At a press conference on July 23 KDH chairman Pavol Hrušovský, who also serves as speaker of the Slovak parliament and whose party wanted the law rejected, said that Schuster made a "double-faced" decision.

He also added that his party would do its best to prevent parliament from overruling the presidential veto and if the law goes through again, he would not sign it. In a formal procedure, the speaker of parliament signs all laws passed by legislators.

Hrušovský already refused to sign the abortion law when it was first passed on July 3, and a parliamentary deputy speaker had to sign the legislation.

"We will do everything so that the law is not passed. We will mainly try to convince our coalition partners [not to support the law]," Hrušovský said.

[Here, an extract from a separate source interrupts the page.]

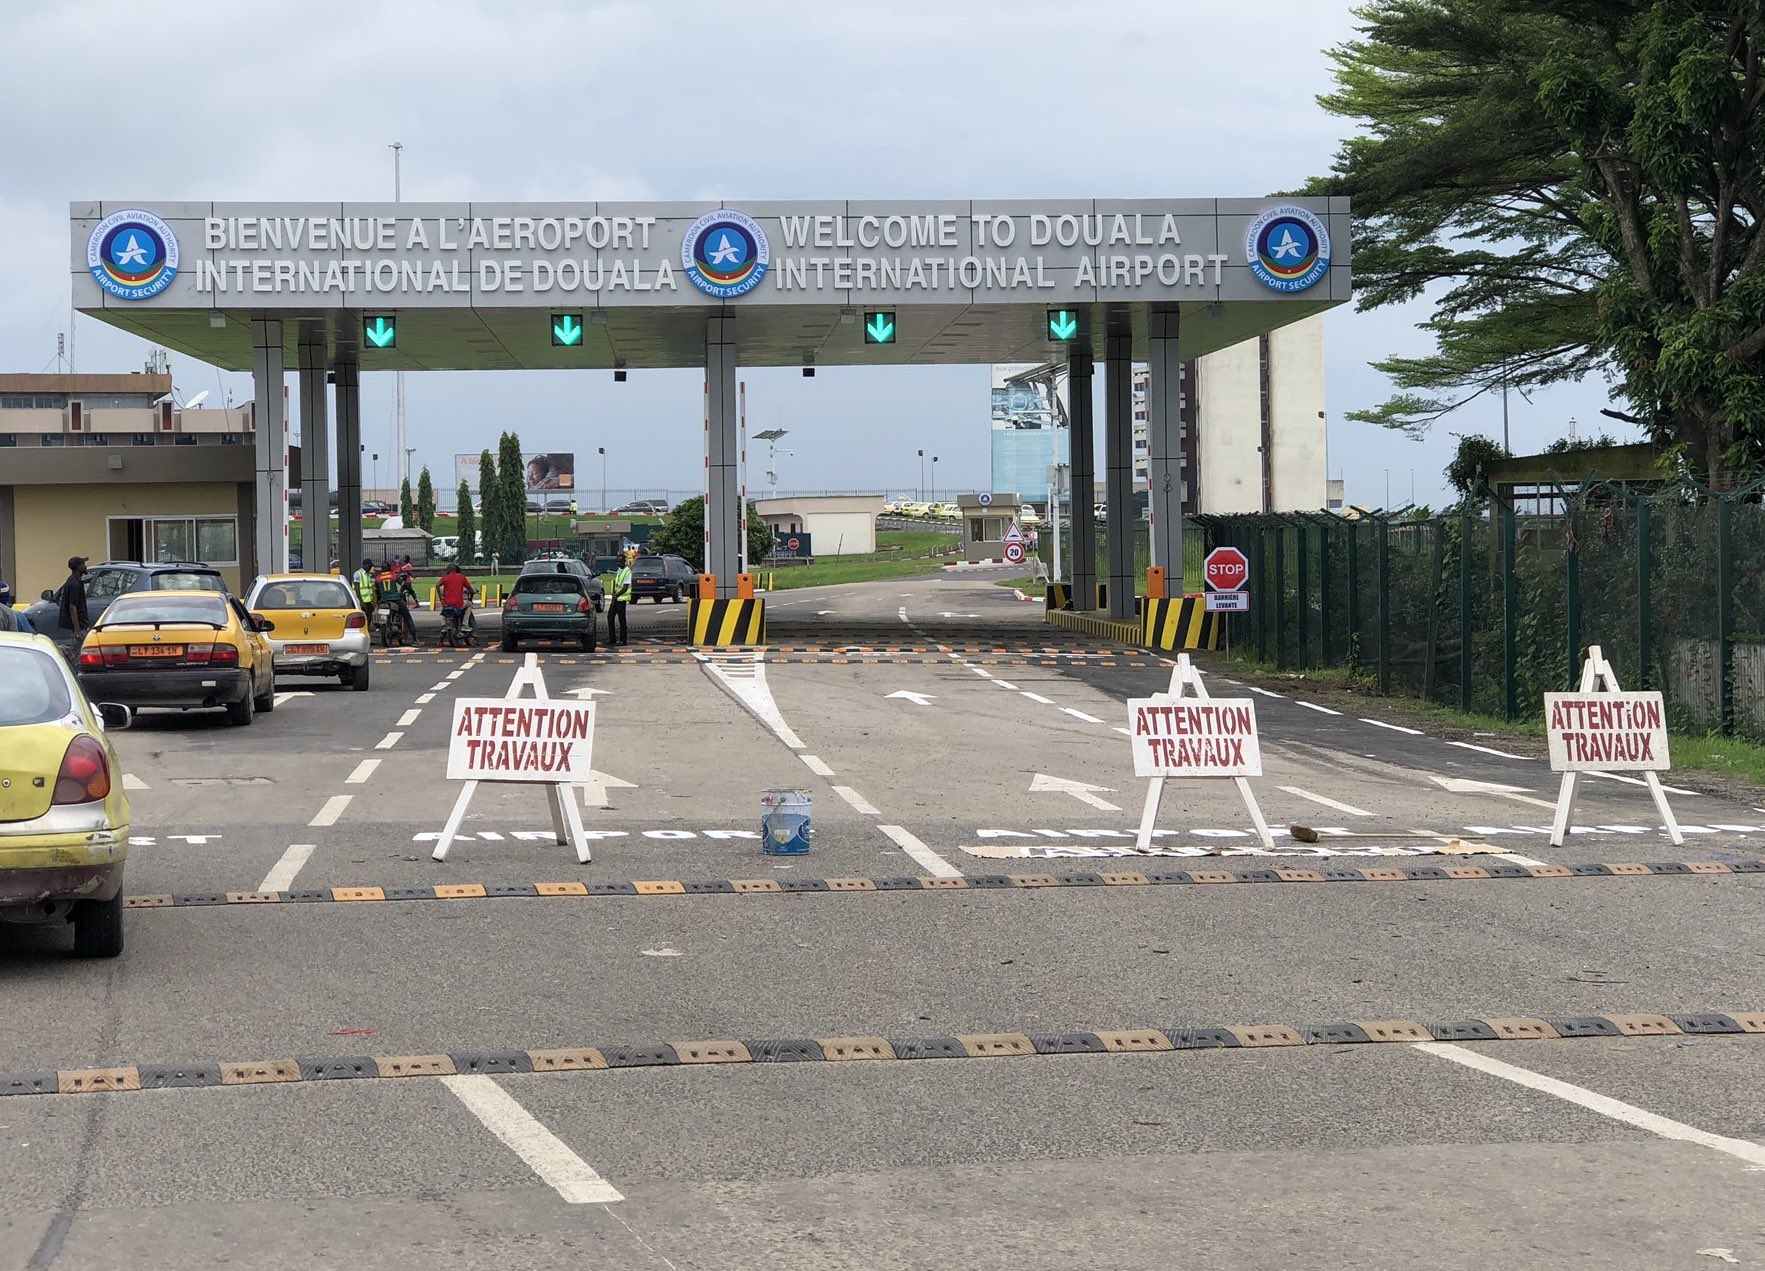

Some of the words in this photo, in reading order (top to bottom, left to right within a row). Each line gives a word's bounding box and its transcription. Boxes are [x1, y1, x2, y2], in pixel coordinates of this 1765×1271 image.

The law would allow abortions in cases of serious genetic defect to be carried out before the 24th week of pregnancy. At the moment this is only permitted by a health ministry guideline that is currently being challenged in the Constitutional Court by a group consisting mainly of KDH MPs.

Speaking on behalf of the president, spokesman Ján Füle admitted that what influenced the president in making his decision was the possibility that the law's implementation could destabilise the ruling coalition and perhaps even lead to the fall of the cabinet.

In an interview with the Slovak daily Pravda, Schuster said he thought his decision "provided the coalition and opposition parties with time for negotiating a cultivated solution".

ANO boss Pavol Rusko, however, insisted that his party was again going to support the law in parliament. Several opposition politicians have confirmed they would also back the law.

To pass a returned law an absolute majority of 76 of the 150 MPs must vote in favour of the legislation. In the first vote only 70 MPs backed the law.

It remains unclear, however, whether the Constitutional Court will make a decision on the guideline before the MPs vote to overturn the veto.

The court is expected to meet on September 4 but it is not certain that that meeting will produce a final ruling. It is also not known when in September the parliament will discuss the law again.

Despite the fact that questions remain over the future of the law, several observers agree that Schuster made an "unusual but rational decision".

"With the decision to return the law, the president postponed a clash between liberals and conservatives. If he signed the law, the coalition would have an intense problem," said Grigorij Mesežnikov, head of the institute for Public Affairs.

Füle, meanwhile, rejected claims that Schuster's veto was a signal that he was considering another run for the presidency. Presidential elections in Slovakia are due to be held next year, but Schuster refuses to confirm or deny his possible candidacy.

"Surveys show that 60 percent of the people support the abortion law. If the president had been thinking along these lines, he would sign the law," Füle said.

While pro-choice groups and politicians who voted in favour of the law hope that enough MPs support the legislation in a repeated vote, Church officials, on the other hand, said the president's decision was a sign that the law would not pass.

"I think the matter will end up well," said František Tondra, head of the Slovak Conference of Bishops (KBS). But analyst Mesežnikov was not sure about the law's outlook.

"In any case, the Constitutional Court ruling will help clarify the situation. If it ruled the guideline invalid, the cabinet parties would be able to act in line with the new situation and it would be more difficult for the KDH to insist on their request [to have ANO ministers removed from the cabinet] over the law," he said.